J'eus le courage de rencontrer les parents de Yumi et Ulrich au sujet du dessin animé mais je leur mentis encore une fois et leur expliquais que tout était tiré de notre imaginaire, des jeux que l'on s'inventait à l'époque ensemble. Un simple jeu d'enfants. Un nouveau mensonge. De même que si les épisodes se basaient sur les missions que nous avions effectuées j'arrivais vite à la dernière mission. Je choisis de ne pas la narrer, même avec une fin heureuse. Cette sensation d'inachevée m'a longtemps habité de même que j'ai toujours cette impression d'échouer.

Jérémie vient d'avoir son bac et nous savons tous deux qu'elle en est la signification. Dès la rentrée prochaine il intégrera une équipe de recherche assurant sa formation et s'assurant de ses connaissances sur Xana. Je sais qu'il va le réparer, le rallumer. Je sais qu'il a toujours ses CD et son portable. Mais aucun de nous deux ne sait ce qu'il trouvera et espérer est un luxe que je ne veux pas me permettre.

C'est cela qui m'a enfin décidé. Jérémie n'a pas abandonné l'idée de les revoir. S'il s'agit avant tout d'un travail de recherche je connais son but. Il ne s'est pas donné tant de mal toutes ses années pour aller se balader sur Lyoko. Je me devais de ne pas les abandonner à mon tour.
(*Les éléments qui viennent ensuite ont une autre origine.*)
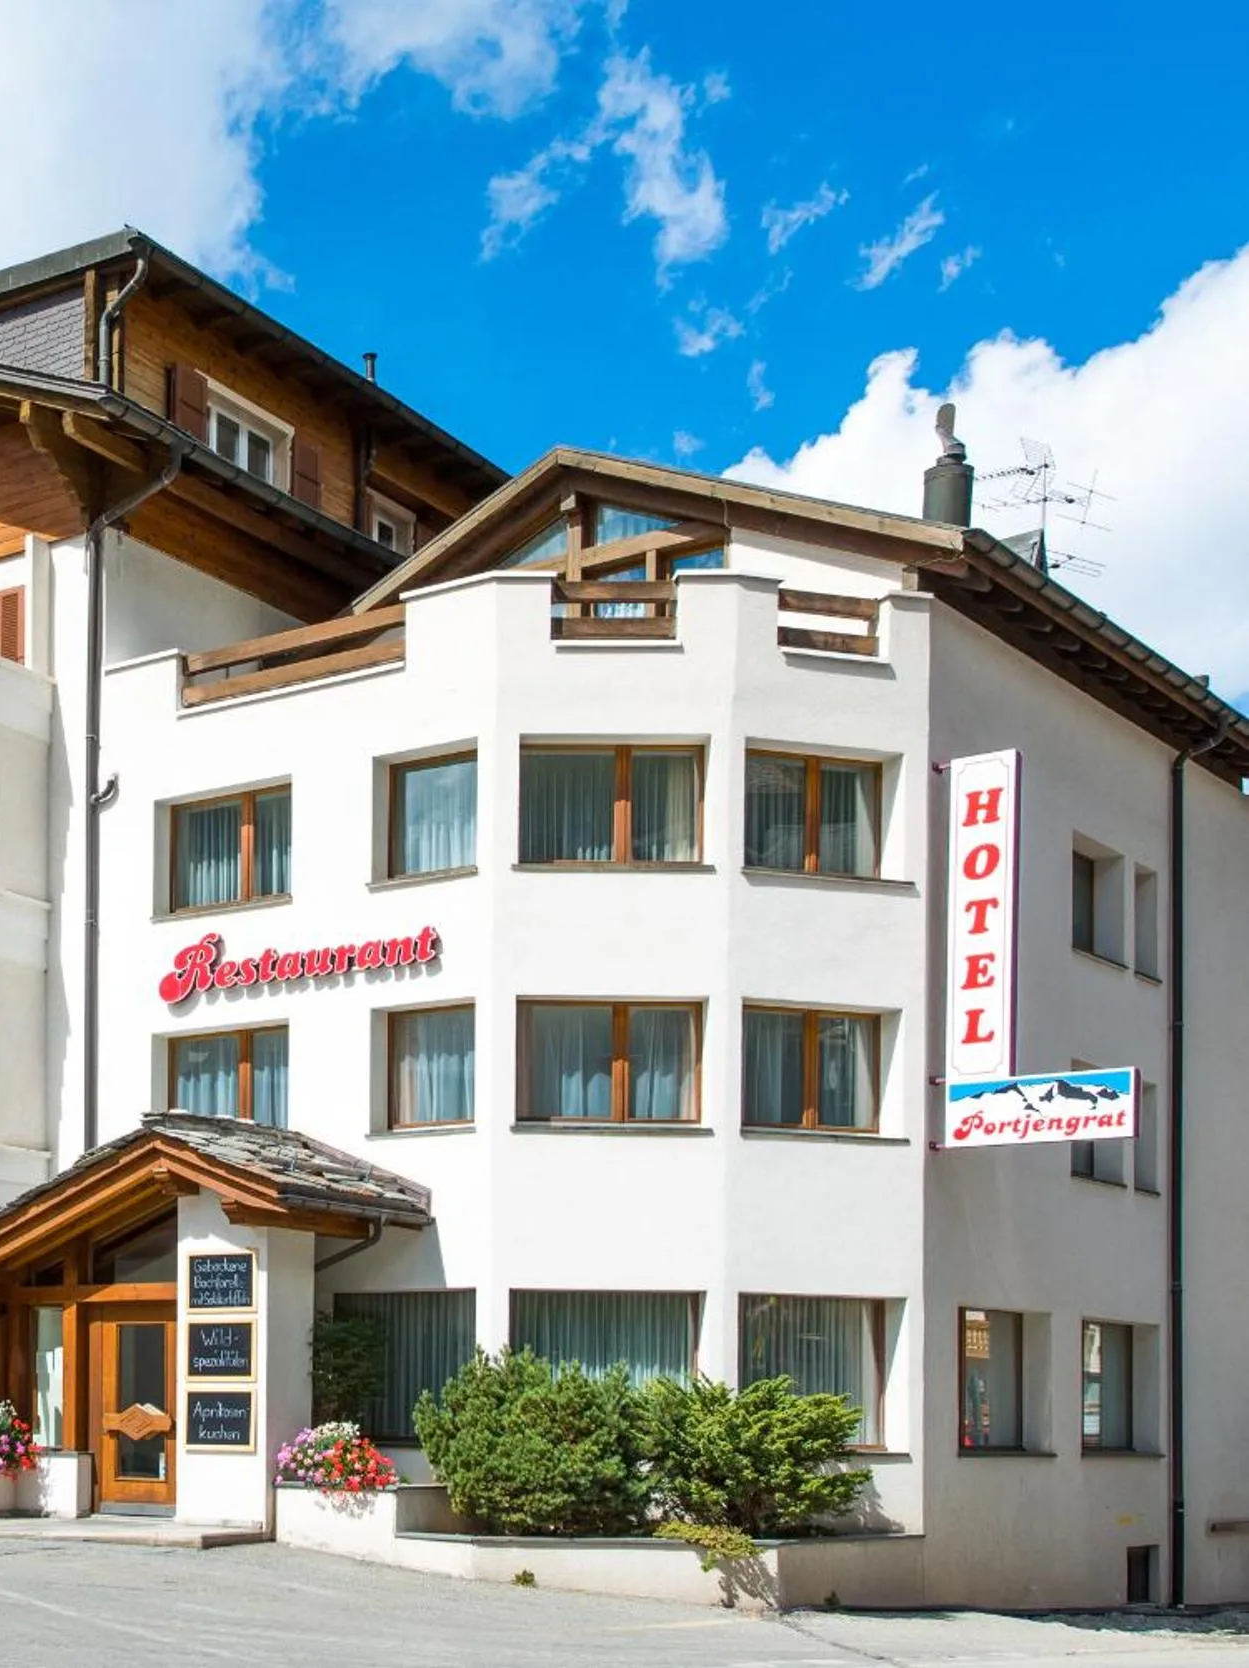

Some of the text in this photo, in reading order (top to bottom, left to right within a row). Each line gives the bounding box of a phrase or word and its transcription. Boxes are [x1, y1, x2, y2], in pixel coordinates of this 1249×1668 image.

J'ai pris la plume à nouveau et j'ai écrit. Si vous voulez le début, regardez les épisodes déjà parus. Ils sont l'exacte représentation de ce que fut notre vie de collégien. Mais la fin est toute autre. La réalité, la vérité telle que je l'ai vécu, vous venez de la lire.

Ces quelques pages constituent ce que j'ai de plus précieux au monde : les derniers souvenirs de mes amis. Avec l'aide de Jérémie j'ai choisi de les rendre public sur le réseau, pour que chacun puisse savoir ce qui s'est passé et le diffuser à sa guise. Peut-être prendrez-vous ça comme une fin alternative au dessin animé. Peut-être trouverez vous que cette histoire n'est...qu'une histoire qu'elle vous plaise ou non. Mais peut-être vous direz vous que c'est ce qu'il s'est passé. Que Jérémie et Odd n'ont pas réussi à sauver leurs amis. Que sur Lyoko lorsque ma flèche a loupé Ulrich j'ai décidé du sort de mes amis. Je n'ai pas réussi à les sauver, peut-être réussirais-je à les faire vivre à travers vous.